**Provided information:**
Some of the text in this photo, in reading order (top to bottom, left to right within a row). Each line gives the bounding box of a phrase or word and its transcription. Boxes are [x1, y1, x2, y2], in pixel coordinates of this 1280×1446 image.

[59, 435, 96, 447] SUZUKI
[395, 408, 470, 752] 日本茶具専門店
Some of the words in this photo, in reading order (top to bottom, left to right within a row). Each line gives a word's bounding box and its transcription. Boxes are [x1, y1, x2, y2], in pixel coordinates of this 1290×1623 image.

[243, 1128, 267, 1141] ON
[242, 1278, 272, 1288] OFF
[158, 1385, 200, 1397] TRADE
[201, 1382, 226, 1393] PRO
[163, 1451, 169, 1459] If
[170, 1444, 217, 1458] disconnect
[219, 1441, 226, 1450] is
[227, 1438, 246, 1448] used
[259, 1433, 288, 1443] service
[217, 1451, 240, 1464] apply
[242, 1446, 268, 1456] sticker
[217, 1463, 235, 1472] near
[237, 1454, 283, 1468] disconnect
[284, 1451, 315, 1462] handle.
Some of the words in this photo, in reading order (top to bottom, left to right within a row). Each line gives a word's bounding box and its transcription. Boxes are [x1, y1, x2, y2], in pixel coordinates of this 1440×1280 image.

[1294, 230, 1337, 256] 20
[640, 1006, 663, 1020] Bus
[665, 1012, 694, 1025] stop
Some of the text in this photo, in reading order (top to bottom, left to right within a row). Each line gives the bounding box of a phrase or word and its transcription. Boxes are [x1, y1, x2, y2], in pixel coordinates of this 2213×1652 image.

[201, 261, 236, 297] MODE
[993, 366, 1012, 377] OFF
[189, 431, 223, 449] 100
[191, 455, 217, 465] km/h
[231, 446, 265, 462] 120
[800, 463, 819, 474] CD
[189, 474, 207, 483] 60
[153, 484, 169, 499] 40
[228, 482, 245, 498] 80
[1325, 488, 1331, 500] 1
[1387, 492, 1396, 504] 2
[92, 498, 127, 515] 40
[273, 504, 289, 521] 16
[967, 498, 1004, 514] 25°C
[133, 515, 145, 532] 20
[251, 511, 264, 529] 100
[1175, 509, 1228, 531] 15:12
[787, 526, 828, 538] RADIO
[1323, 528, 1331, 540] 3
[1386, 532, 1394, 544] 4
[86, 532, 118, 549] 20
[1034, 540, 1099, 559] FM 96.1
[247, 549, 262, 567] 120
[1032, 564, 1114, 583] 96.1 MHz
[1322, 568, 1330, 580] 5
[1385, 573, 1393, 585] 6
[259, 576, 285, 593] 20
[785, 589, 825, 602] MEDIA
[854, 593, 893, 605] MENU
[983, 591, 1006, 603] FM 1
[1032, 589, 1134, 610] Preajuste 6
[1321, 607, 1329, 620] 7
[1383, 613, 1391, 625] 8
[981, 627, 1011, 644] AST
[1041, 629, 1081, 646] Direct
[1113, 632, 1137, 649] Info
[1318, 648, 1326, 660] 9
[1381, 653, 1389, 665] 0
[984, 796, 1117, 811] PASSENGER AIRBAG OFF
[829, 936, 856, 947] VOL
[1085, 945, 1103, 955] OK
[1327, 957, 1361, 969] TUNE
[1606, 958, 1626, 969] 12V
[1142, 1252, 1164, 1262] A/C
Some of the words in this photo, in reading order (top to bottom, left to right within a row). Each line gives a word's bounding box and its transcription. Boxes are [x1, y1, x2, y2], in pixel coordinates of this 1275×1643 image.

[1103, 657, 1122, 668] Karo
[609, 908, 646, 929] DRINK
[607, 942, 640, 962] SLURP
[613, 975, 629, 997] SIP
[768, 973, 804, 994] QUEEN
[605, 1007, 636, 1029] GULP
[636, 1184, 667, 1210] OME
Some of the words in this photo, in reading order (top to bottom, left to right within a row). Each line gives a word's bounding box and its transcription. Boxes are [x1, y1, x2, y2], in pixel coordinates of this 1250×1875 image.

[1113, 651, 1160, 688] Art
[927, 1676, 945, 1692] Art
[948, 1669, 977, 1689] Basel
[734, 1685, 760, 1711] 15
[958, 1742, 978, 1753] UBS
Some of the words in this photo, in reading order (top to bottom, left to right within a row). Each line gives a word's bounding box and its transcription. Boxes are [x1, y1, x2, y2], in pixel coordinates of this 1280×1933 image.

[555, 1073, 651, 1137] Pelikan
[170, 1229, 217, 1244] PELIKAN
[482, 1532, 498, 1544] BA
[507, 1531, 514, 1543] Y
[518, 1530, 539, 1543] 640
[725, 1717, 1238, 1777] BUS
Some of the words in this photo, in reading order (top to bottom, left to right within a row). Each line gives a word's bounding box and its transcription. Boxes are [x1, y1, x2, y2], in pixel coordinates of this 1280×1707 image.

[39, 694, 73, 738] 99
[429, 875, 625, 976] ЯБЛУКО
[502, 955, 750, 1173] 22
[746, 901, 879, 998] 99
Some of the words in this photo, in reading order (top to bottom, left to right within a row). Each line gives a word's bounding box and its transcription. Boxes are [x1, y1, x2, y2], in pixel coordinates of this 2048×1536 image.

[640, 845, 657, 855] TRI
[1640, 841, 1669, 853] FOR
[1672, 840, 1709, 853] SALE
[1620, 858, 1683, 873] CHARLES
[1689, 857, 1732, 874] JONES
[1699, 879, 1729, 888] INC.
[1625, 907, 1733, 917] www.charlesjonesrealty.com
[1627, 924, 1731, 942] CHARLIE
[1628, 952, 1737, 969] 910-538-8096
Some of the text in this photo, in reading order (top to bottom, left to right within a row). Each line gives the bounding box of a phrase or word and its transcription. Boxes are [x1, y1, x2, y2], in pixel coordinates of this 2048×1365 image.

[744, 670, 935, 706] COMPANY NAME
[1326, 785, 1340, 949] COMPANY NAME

**What the task requires:** Please write out all of the records above, character for character.

**Response area:**
Some of the text in this photo, in reading order (top to bottom, left to right within a row). Each line gives the bounding box of a phrase or word and its transcription. Boxes are [x1, y1, x2, y2], in pixel coordinates of this 1280×1446 image.

[59, 435, 96, 447] SUZUKI
[395, 408, 470, 752] 日本茶具専門店
Some of the words in this photo, in reading order (top to bottom, left to right within a row). Each line gives a word's bounding box and its transcription. Boxes are [x1, y1, x2, y2], in pixel coordinates of this 1290×1623 image.

[243, 1128, 267, 1141] ON
[242, 1278, 272, 1288] OFF
[158, 1385, 200, 1397] TRADE
[201, 1382, 226, 1393] PRO
[163, 1451, 169, 1459] If
[170, 1444, 217, 1458] disconnect
[219, 1441, 226, 1450] is
[227, 1438, 246, 1448] used
[259, 1433, 288, 1443] service
[217, 1451, 240, 1464] apply
[242, 1446, 268, 1456] sticker
[217, 1463, 235, 1472] near
[237, 1454, 283, 1468] disconnect
[284, 1451, 315, 1462] handle.
Some of the words in this photo, in reading order (top to bottom, left to right within a row). Each line gives a word's bounding box and its transcription. Boxes are [x1, y1, x2, y2], in pixel coordinates of this 1440×1280 image.

[1294, 230, 1337, 256] 20
[640, 1006, 663, 1020] Bus
[665, 1012, 694, 1025] stop
Some of the text in this photo, in reading order (top to bottom, left to right within a row). Each line gives the bounding box of a phrase or word and its transcription. Boxes are [x1, y1, x2, y2], in pixel coordinates of this 2213×1652 image.

[201, 261, 236, 297] MODE
[993, 366, 1012, 377] OFF
[189, 431, 223, 449] 100
[191, 455, 217, 465] km/h
[231, 446, 265, 462] 120
[800, 463, 819, 474] CD
[189, 474, 207, 483] 60
[153, 484, 169, 499] 40
[228, 482, 245, 498] 80
[1325, 488, 1331, 500] 1
[1387, 492, 1396, 504] 2
[92, 498, 127, 515] 40
[273, 504, 289, 521] 16
[967, 498, 1004, 514] 25°C
[133, 515, 145, 532] 20
[251, 511, 264, 529] 100
[1175, 509, 1228, 531] 15:12
[787, 526, 828, 538] RADIO
[1323, 528, 1331, 540] 3
[1386, 532, 1394, 544] 4
[86, 532, 118, 549] 20
[1034, 540, 1099, 559] FM 96.1
[247, 549, 262, 567] 120
[1032, 564, 1114, 583] 96.1 MHz
[1322, 568, 1330, 580] 5
[1385, 573, 1393, 585] 6
[259, 576, 285, 593] 20
[785, 589, 825, 602] MEDIA
[854, 593, 893, 605] MENU
[983, 591, 1006, 603] FM 1
[1032, 589, 1134, 610] Preajuste 6
[1321, 607, 1329, 620] 7
[1383, 613, 1391, 625] 8
[981, 627, 1011, 644] AST
[1041, 629, 1081, 646] Direct
[1113, 632, 1137, 649] Info
[1318, 648, 1326, 660] 9
[1381, 653, 1389, 665] 0
[984, 796, 1117, 811] PASSENGER AIRBAG OFF
[829, 936, 856, 947] VOL
[1085, 945, 1103, 955] OK
[1327, 957, 1361, 969] TUNE
[1606, 958, 1626, 969] 12V
[1142, 1252, 1164, 1262] A/C
Some of the words in this photo, in reading order (top to bottom, left to right within a row). Each line gives a word's bounding box and its transcription. Boxes are [x1, y1, x2, y2], in pixel coordinates of this 1275×1643 image.

[1103, 657, 1122, 668] Karo
[609, 908, 646, 929] DRINK
[607, 942, 640, 962] SLURP
[613, 975, 629, 997] SIP
[768, 973, 804, 994] QUEEN
[605, 1007, 636, 1029] GULP
[636, 1184, 667, 1210] OME
Some of the words in this photo, in reading order (top to bottom, left to right within a row). Each line gives a word's bounding box and its transcription. Boxes are [x1, y1, x2, y2], in pixel coordinates of this 1250×1875 image.

[1113, 651, 1160, 688] Art
[927, 1676, 945, 1692] Art
[948, 1669, 977, 1689] Basel
[734, 1685, 760, 1711] 15
[958, 1742, 978, 1753] UBS
Some of the words in this photo, in reading order (top to bottom, left to right within a row). Each line gives a word's bounding box and its transcription. Boxes are [x1, y1, x2, y2], in pixel coordinates of this 1280×1933 image.

[555, 1073, 651, 1137] Pelikan
[170, 1229, 217, 1244] PELIKAN
[482, 1532, 498, 1544] BA
[507, 1531, 514, 1543] Y
[518, 1530, 539, 1543] 640
[725, 1717, 1238, 1777] BUS
Some of the words in this photo, in reading order (top to bottom, left to right within a row). Each line gives a word's bounding box and its transcription. Boxes are [x1, y1, x2, y2], in pixel coordinates of this 1280×1707 image.

[39, 694, 73, 738] 99
[429, 875, 625, 976] ЯБЛУКО
[502, 955, 750, 1173] 22
[746, 901, 879, 998] 99
Some of the words in this photo, in reading order (top to bottom, left to right within a row). Each line gives a word's bounding box and its transcription. Boxes are [x1, y1, x2, y2], in pixel coordinates of this 2048×1536 image.

[640, 845, 657, 855] TRI
[1640, 841, 1669, 853] FOR
[1672, 840, 1709, 853] SALE
[1620, 858, 1683, 873] CHARLES
[1689, 857, 1732, 874] JONES
[1699, 879, 1729, 888] INC.
[1625, 907, 1733, 917] www.charlesjonesrealty.com
[1627, 924, 1731, 942] CHARLIE
[1628, 952, 1737, 969] 910-538-8096
Some of the text in this photo, in reading order (top to bottom, left to right within a row). Each line gives the bounding box of a phrase or word and its transcription. Boxes are [x1, y1, x2, y2], in pixel coordinates of this 2048×1365 image.

[744, 670, 935, 706] COMPANY NAME
[1326, 785, 1340, 949] COMPANY NAME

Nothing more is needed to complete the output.